Sorry, I keep forgetting how fragile some people can be.


----------



## Steve40th

NMPRN said:


> Sorry, I keep forgetting how fragile some people can be.


You have been here a little over a month? And you forget something, already..


----------



## MisterMills357

Denton said:


> I'm going to post one more time for a little while because I came home early to remember how to podcast.
> 
> Right now, there are commies and Globalists sitting their sorry asses in Congress. These people mean to destroy the Constitutional governance of this nation. They are traitors and even worse. They hide behind the same cops who opened doors by the very ones who killed that veteran who got sick and tired of those treasonous bastards destroying the nation she served. She was unarmed and was doing not a damned thing that threatened anyone, yet she was killed. Murdered.
> 
> Another thing. There are a lot of tough-talkers on the internet who are defending her murder. Same people who beforehand talked tough against the traitors. Calling for the taking back of the nation. Now? They are defending the murdering of a patriot. By all accounts, a veteran and patriot.
> 
> Was the notion of following AntiFa infiltrators through gates and doors opened by federal cops a good idea? No, though I understand how easy it is to get caught up in the moment. That bad judgment shouldn't have costed her her life, and there nothing anyone can say that will justify it. I'm sure Jack Dorsey will like the attempts, though.


I couldn't have said it better myself, that cop was a murdering punk.


----------



## rice paddy daddy

Ashli Babbitt's path from the Air Force to death at the Capitol.
From Stars And Stripes newspaper.
You can see her progression from one, to the other.
I am presenting this without comment. Except to say I'll bet many others feel the same way.

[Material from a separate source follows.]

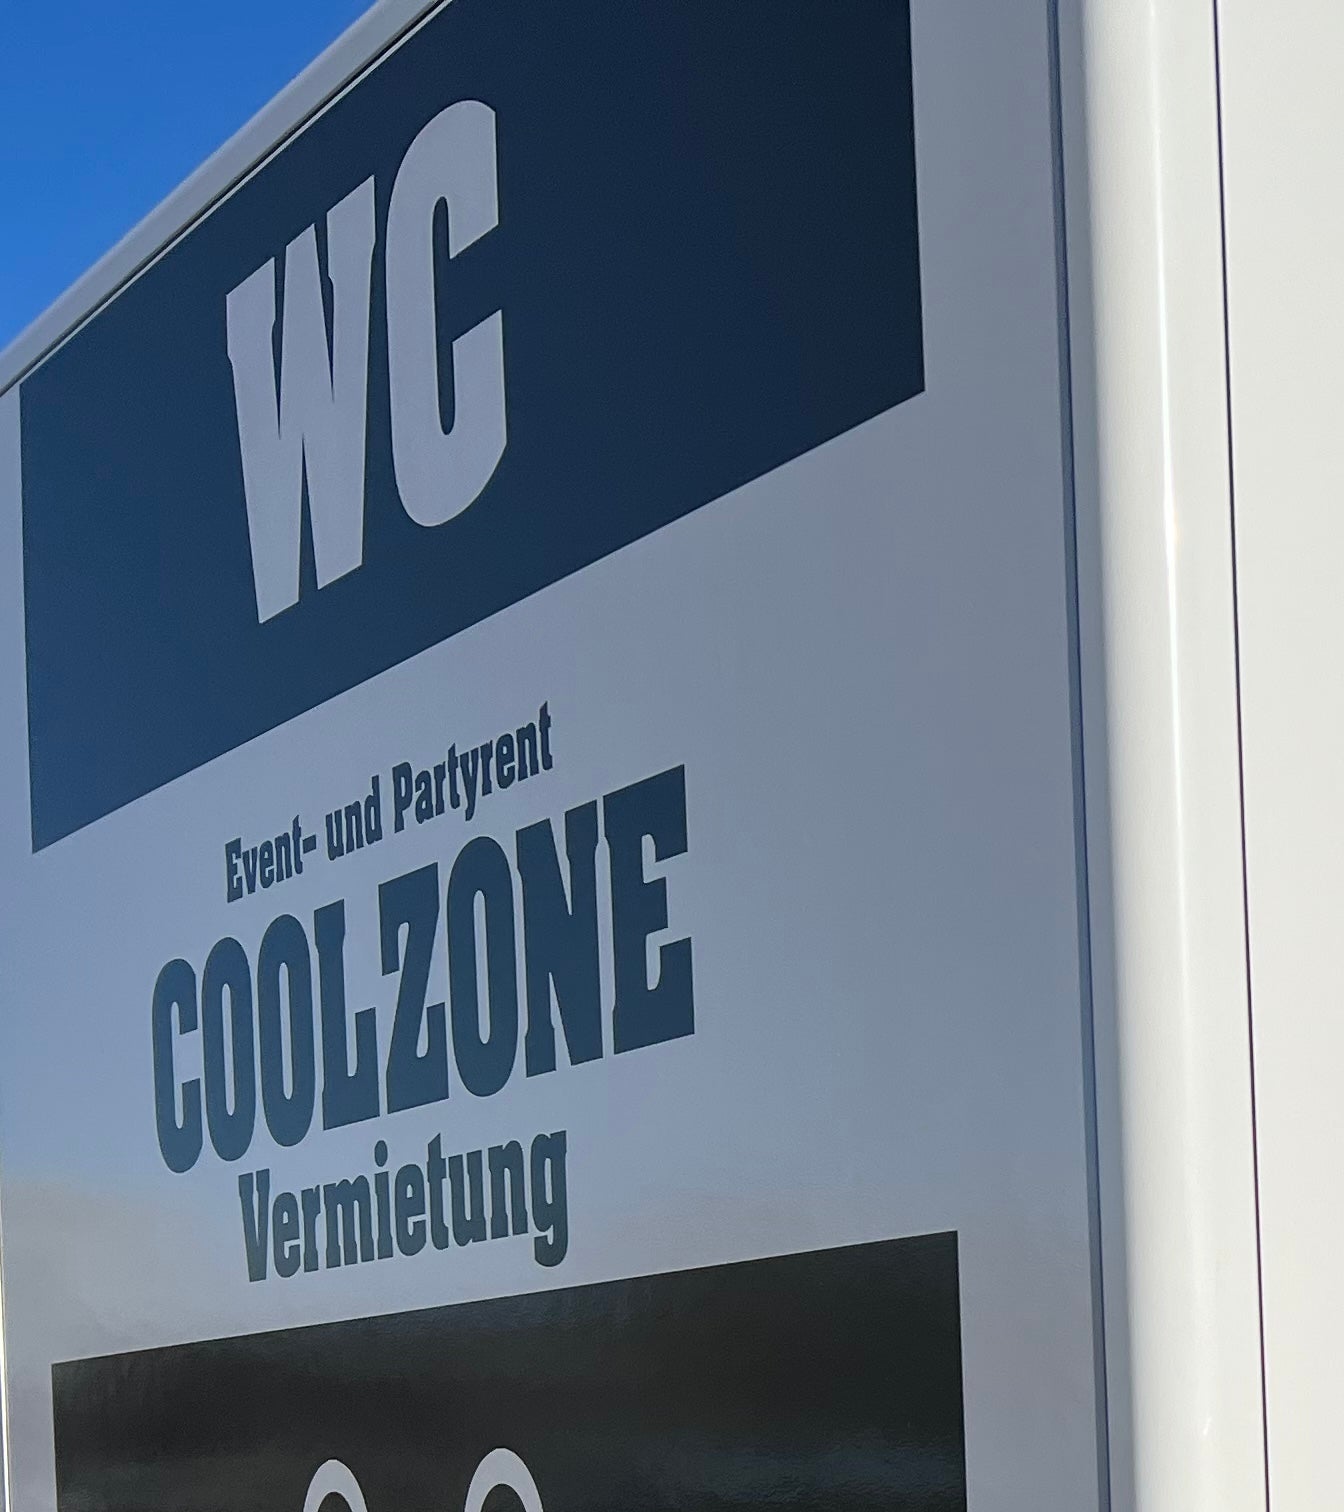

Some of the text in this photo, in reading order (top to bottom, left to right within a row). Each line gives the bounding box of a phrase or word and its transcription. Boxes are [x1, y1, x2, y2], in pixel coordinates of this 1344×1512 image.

www.stripes.com/news/us/ashli-babbi...a-deadly-insurrection-at-the-capitol-1.657840


----------



## inceptor

rice paddy daddy said:


> Ashli Babbitt's path from the Air Force to death at the Capitol.
> From Stars And Stripes newspaper.
> You can see her progression from one, to the other.
> I am presenting this without comment. Except to say I'll bet many others feel the same way.
> 
> www.stripes.com/news/us/ashli-babbi...a-deadly-insurrection-at-the-capitol-1.657840


People were talking last March and April that too long of a lock down period would cause mental harm to many. I've been pretty much a shut in, not by choice but by everything I used to do bing cancelled. We were told that 3-4 week lock down was necessary to flatten the curve. 9 months later we are told its only going to get worse.

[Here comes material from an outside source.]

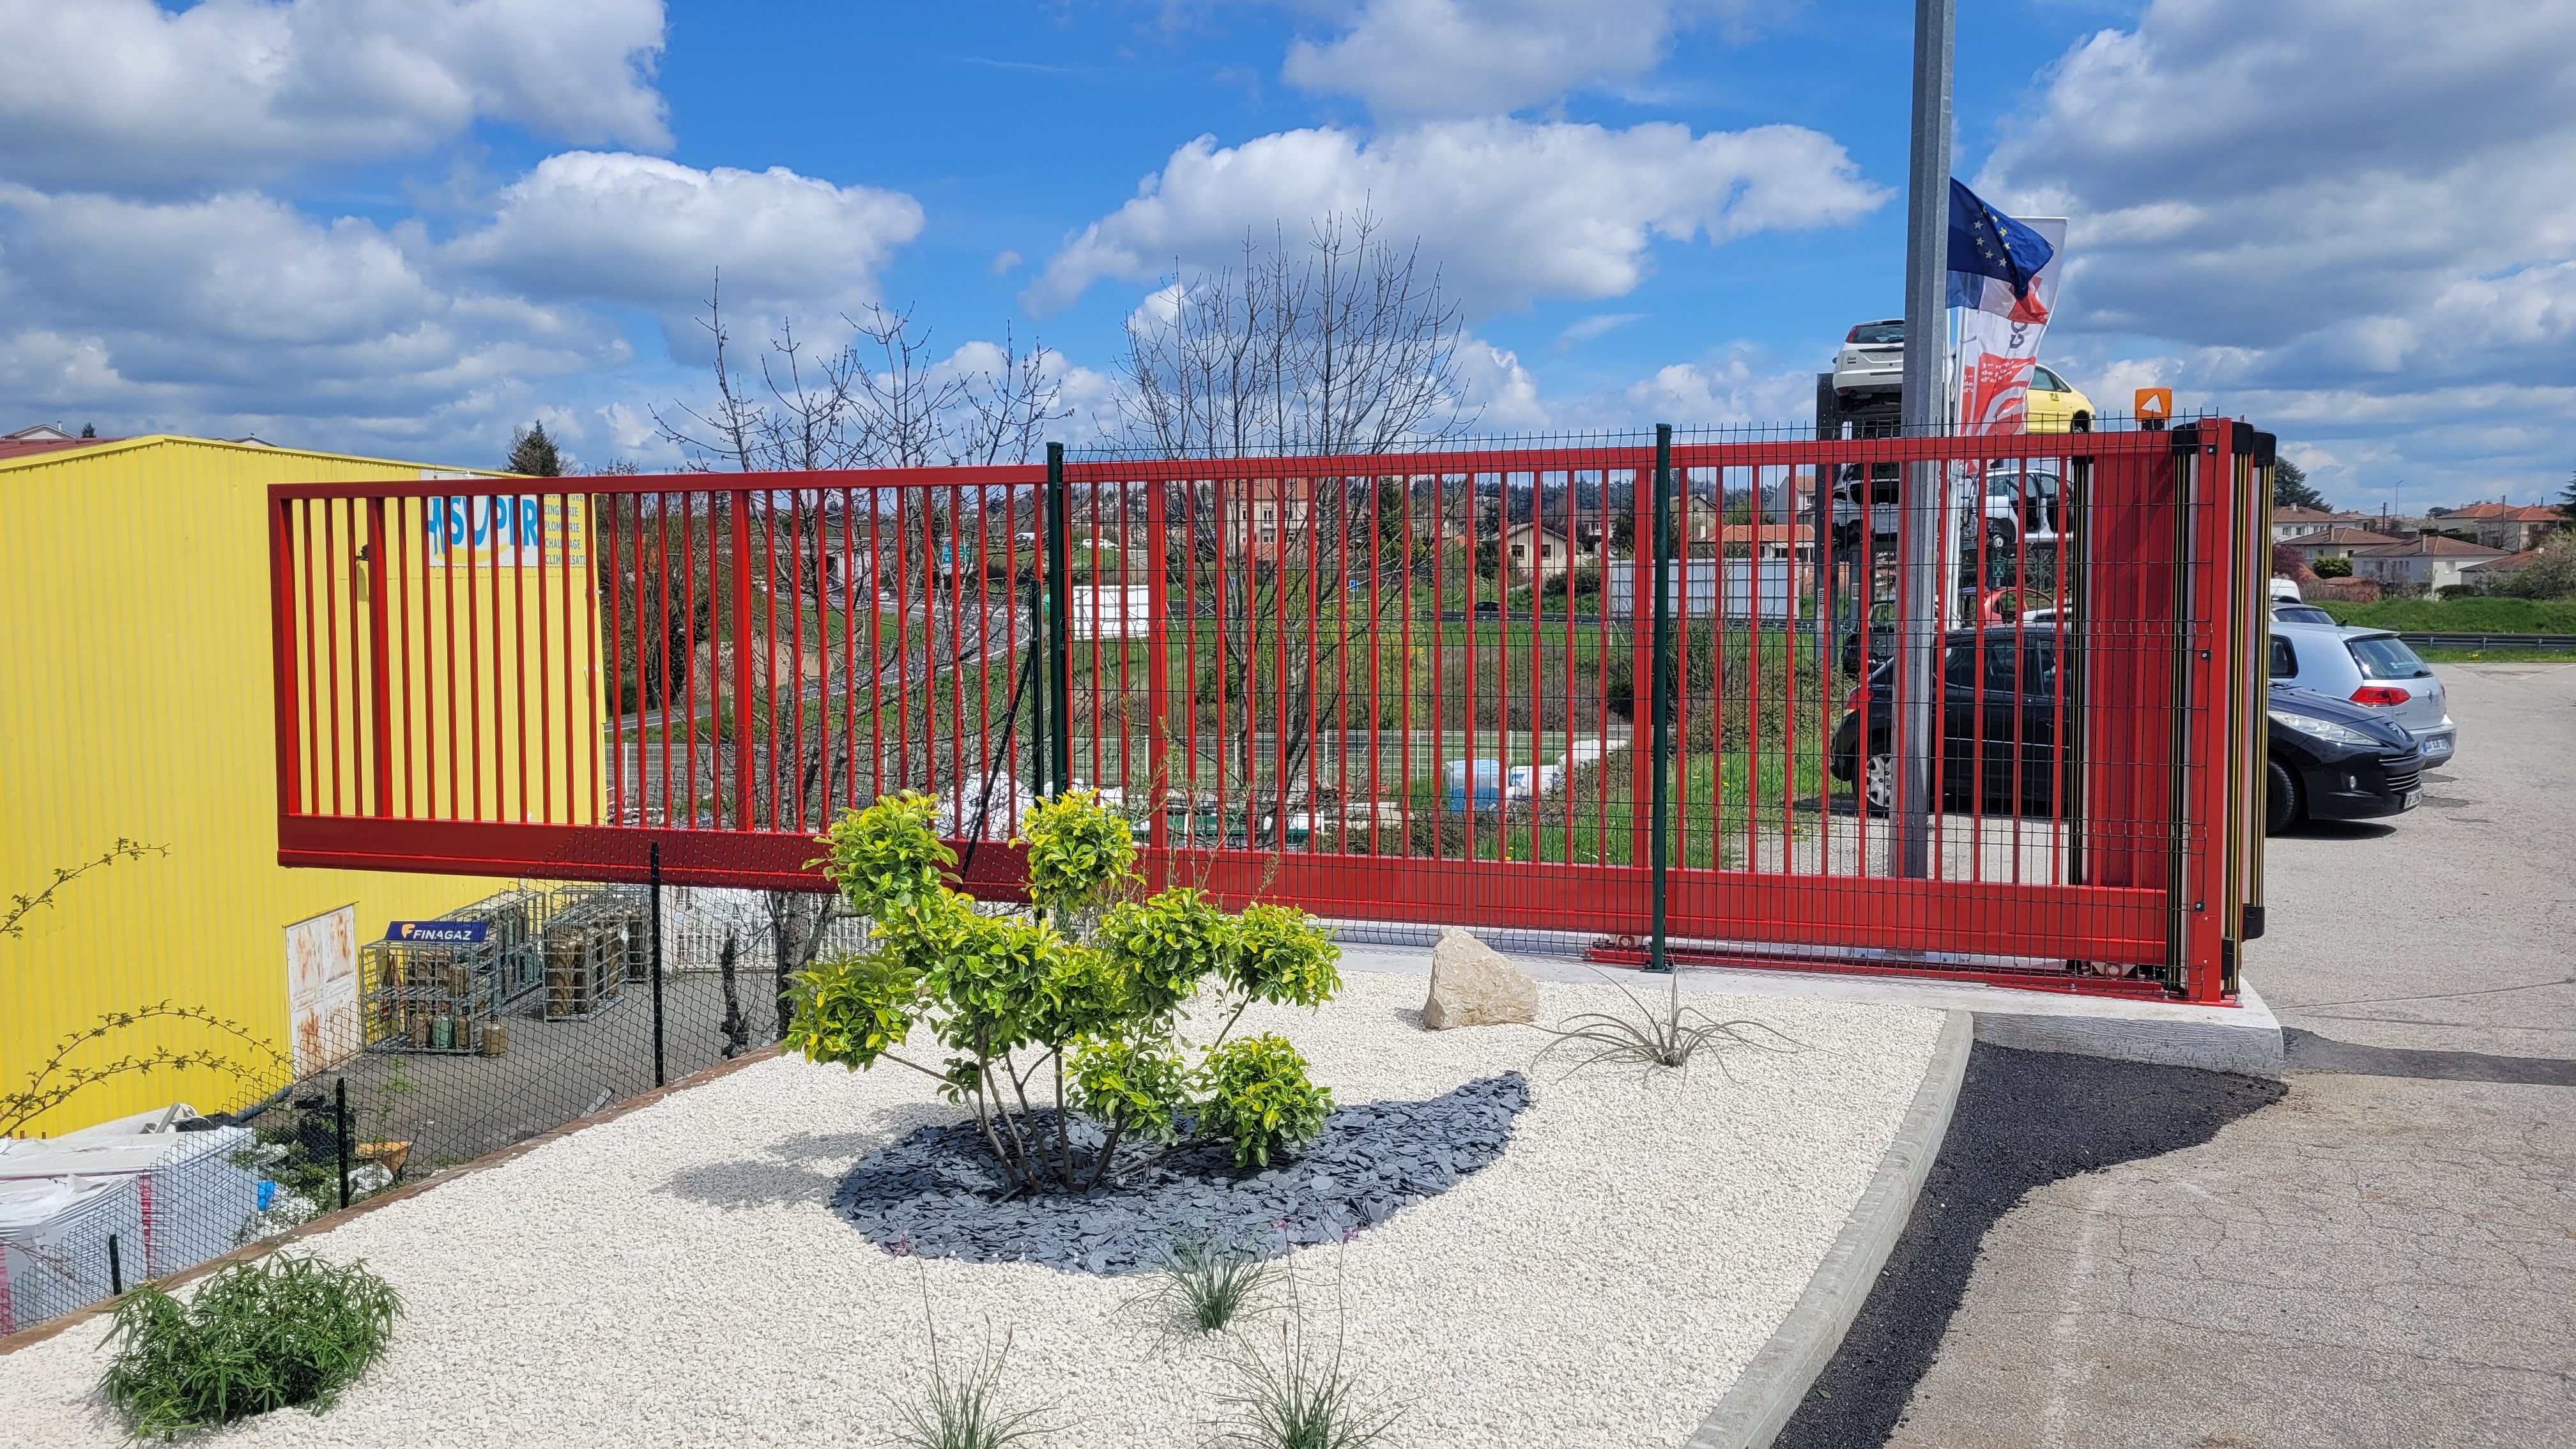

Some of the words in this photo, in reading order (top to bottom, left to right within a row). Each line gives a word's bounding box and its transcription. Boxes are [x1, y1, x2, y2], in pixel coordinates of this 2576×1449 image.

[544, 504, 578, 517] ZINGRIE
[544, 521, 580, 533] PLOMRIE
[413, 930, 472, 940] FINAGAZ

Me, I've adapted and am pursuing other things. I've learned to can meat, rid the house of much unnecessary junk and about to get back into woodworking. Yes, I do miss my friends but they are as scared of the virus as my wife is. We spent Thanksgiving and Christmas alone. At first my wife was happy she didn't have to cook much but both holidays were kind of sad as we both miss the family. But my wife is an essential worker so she still has her job. I'm a retired house husband now.

The tightest lock down states have the worst case numbers. The majority of people are doing what they are told and wearing masks. So wearing masks the few places you are allowed to go and staying home has not helped. Now we see a rise in frustration leading to acting out. The article below was released by ABC in October but the problem has been pretty much ignored.

https://abcnews.go.com/Health/predi...tic-abuse-covid-coming-true/story?id=73836752

Our "leaders" seem to ignore the problem. But people seem surprised when it happens.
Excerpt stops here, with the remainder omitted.